─── RECORDED DATA ───

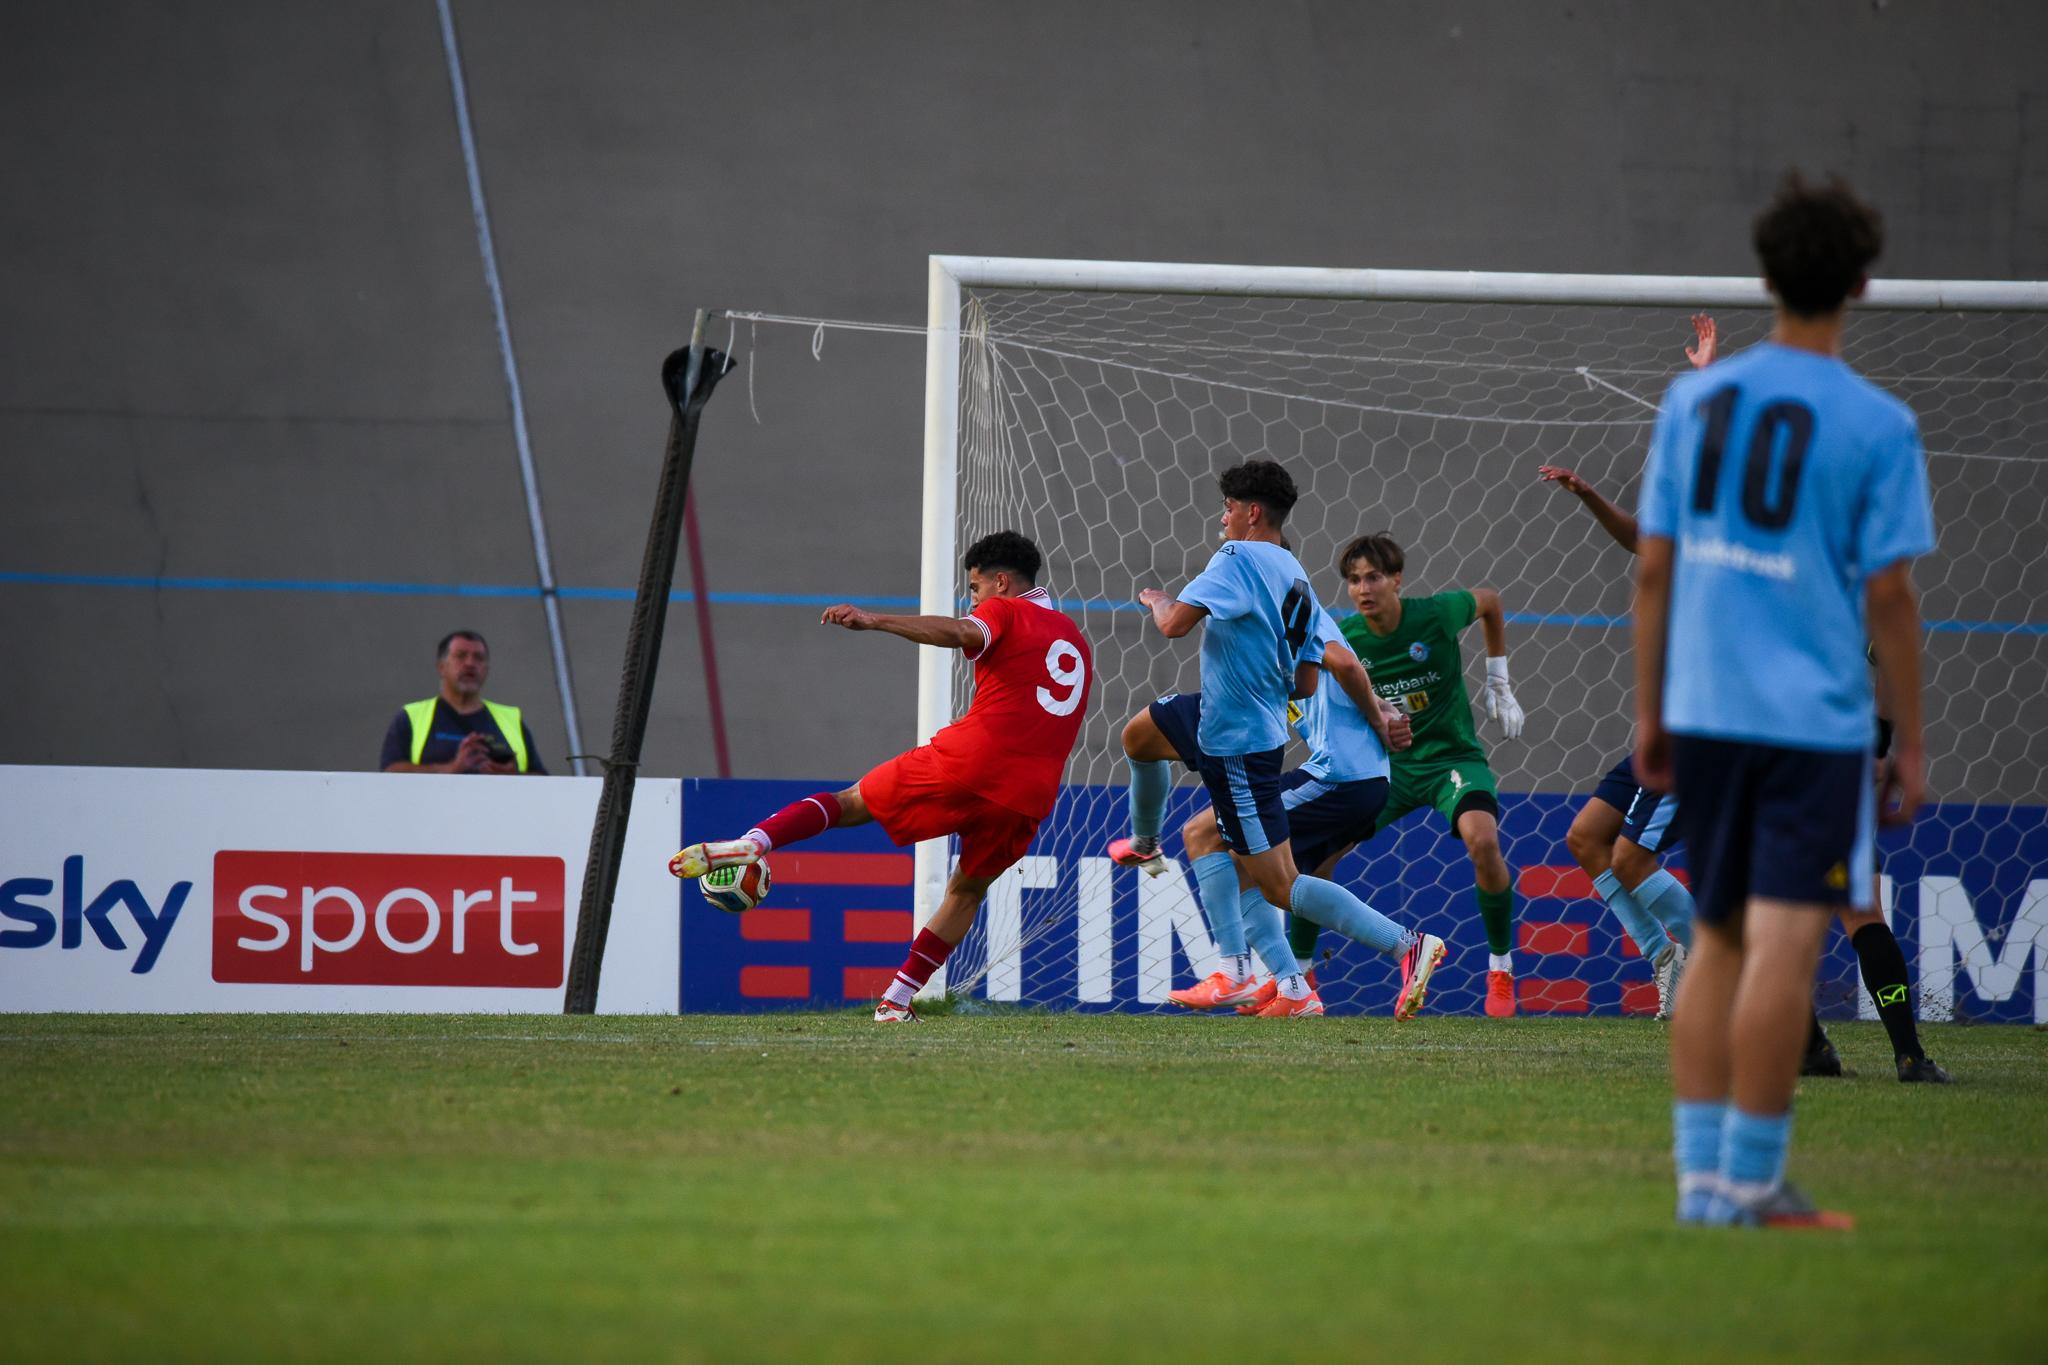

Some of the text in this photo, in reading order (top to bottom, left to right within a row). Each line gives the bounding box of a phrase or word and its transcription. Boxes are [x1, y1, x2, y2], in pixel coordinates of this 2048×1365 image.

[1692, 383, 1816, 532] 10
[1036, 638, 1087, 717] 9
[0, 854, 540, 974] sky sport
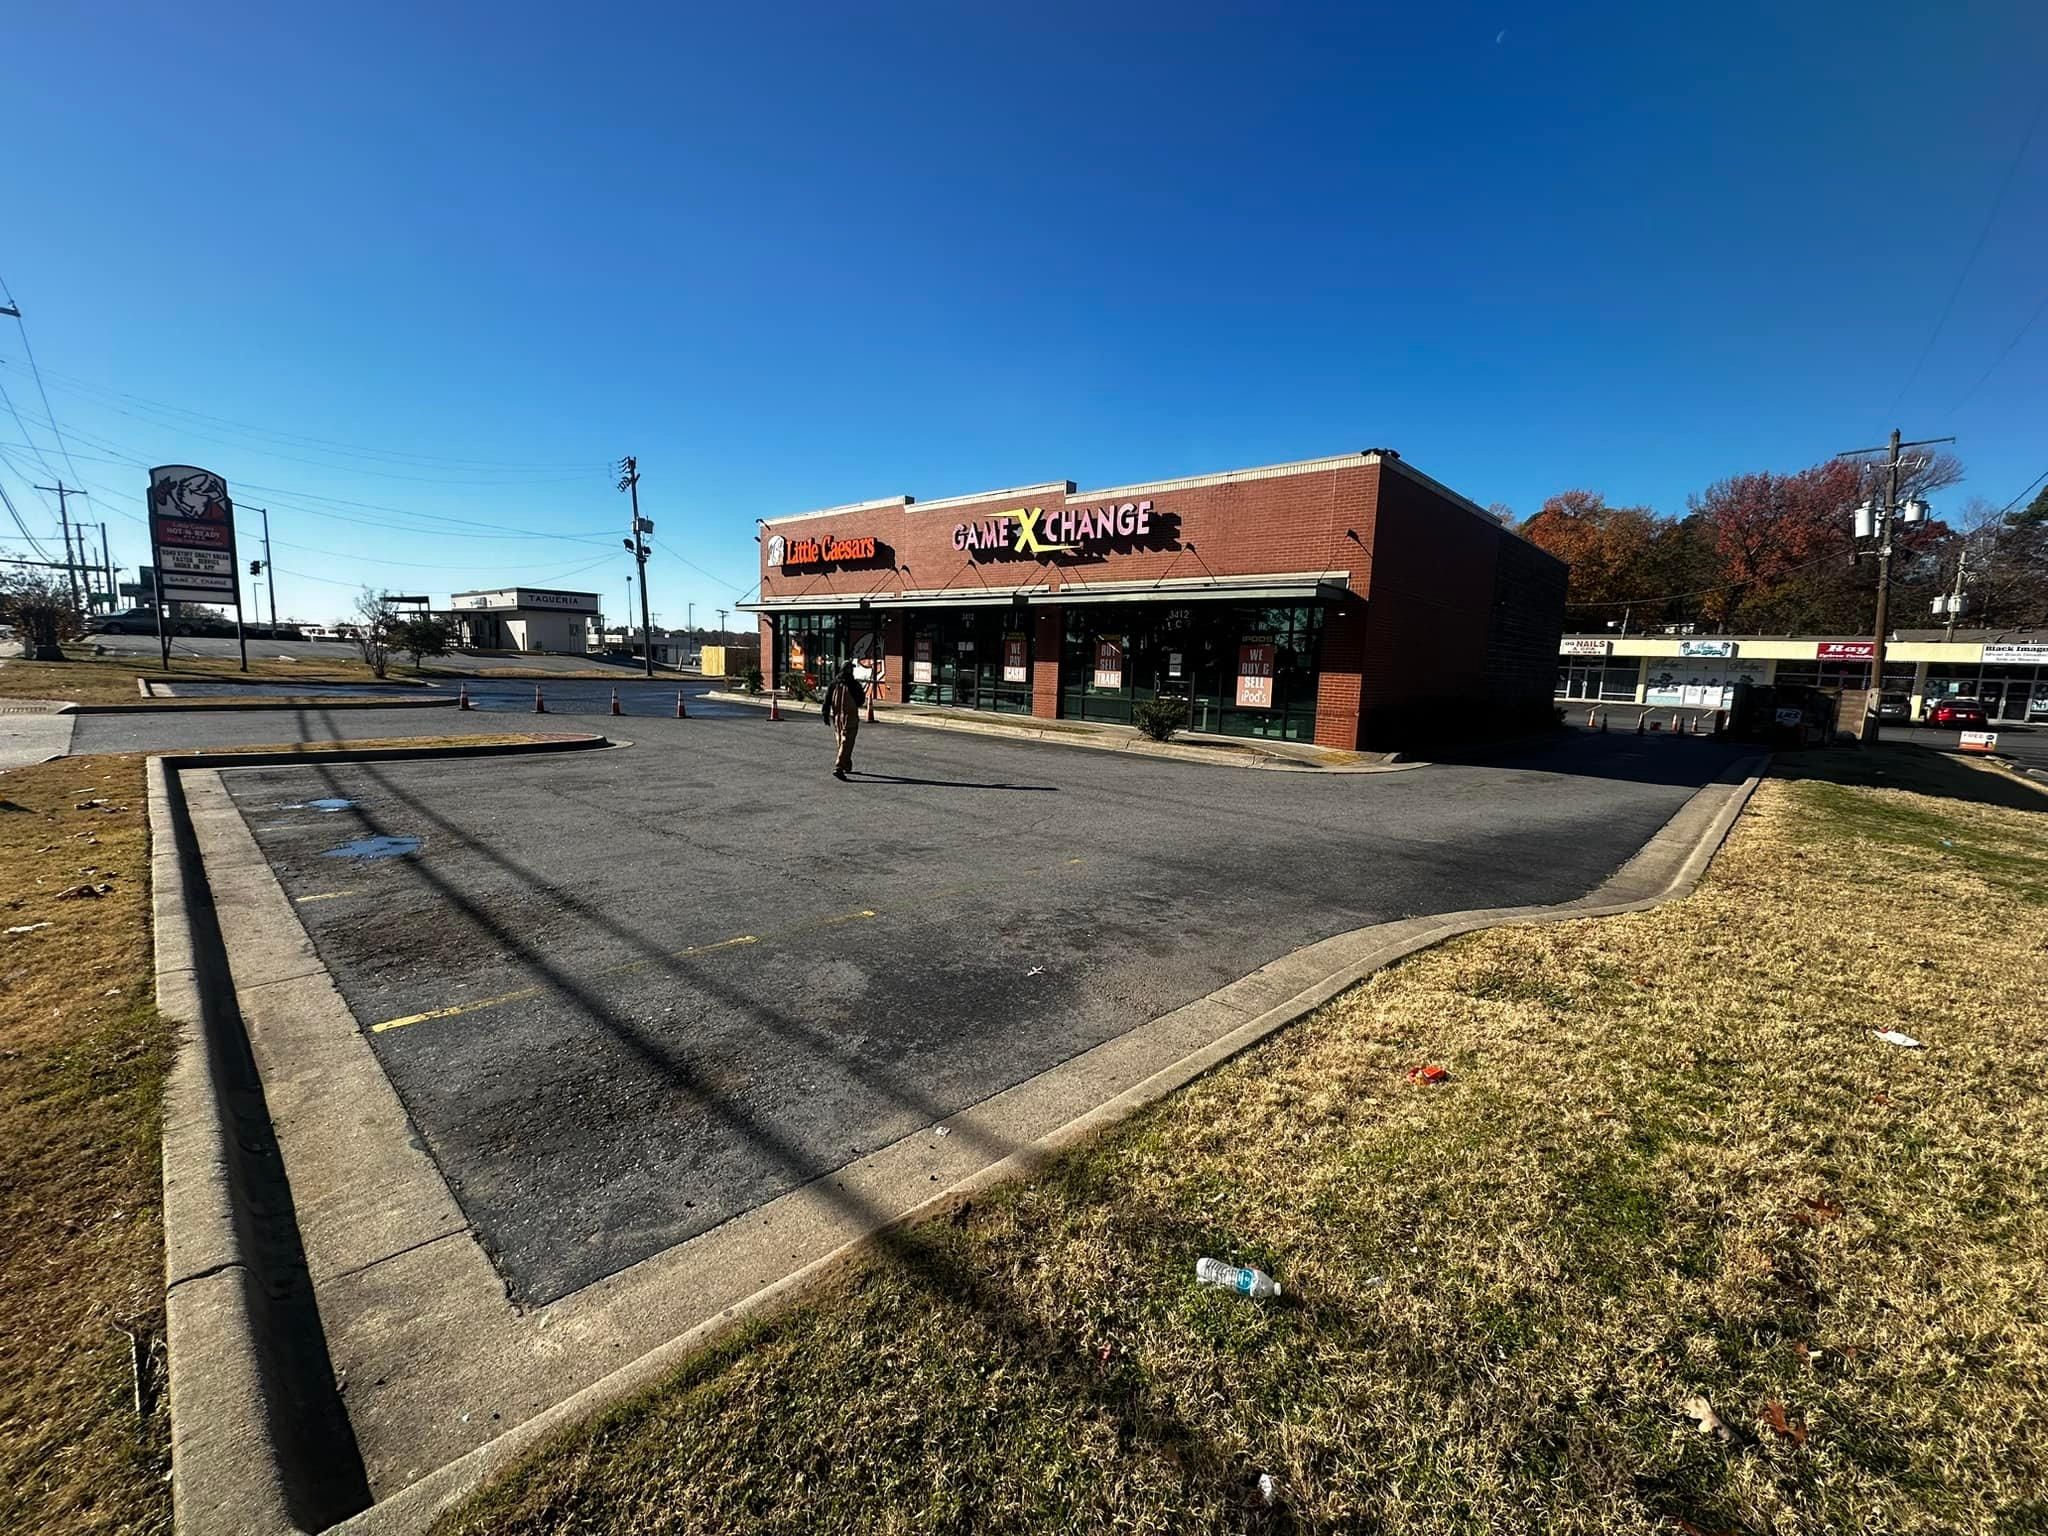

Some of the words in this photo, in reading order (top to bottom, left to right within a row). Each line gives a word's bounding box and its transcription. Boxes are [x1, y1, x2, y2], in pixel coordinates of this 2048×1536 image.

───

- TASK REQUIREMENTS
Your copy should match the records above exactly, apart from the pictures, which stay out.

- RESPONSE TO THE EXERCISE
Some of the text in this photo, in reading order (top to bottom, left to right within a row). Each line gives the bounding box of a phrase or word and its transcription. Boxes are [x1, y1, x2, y2], in pixel coordinates of this 2048×1365 image.

[1692, 383, 1816, 532] 10
[1036, 638, 1087, 717] 9
[0, 854, 540, 974] sky sport

Some of the words in this photo, in reading order (top to bottom, left to right within a row). Each line gives a word's bounding box and its transcription. Boxes are [x1, y1, x2, y2], in pixel coordinates of this 2048×1536 image.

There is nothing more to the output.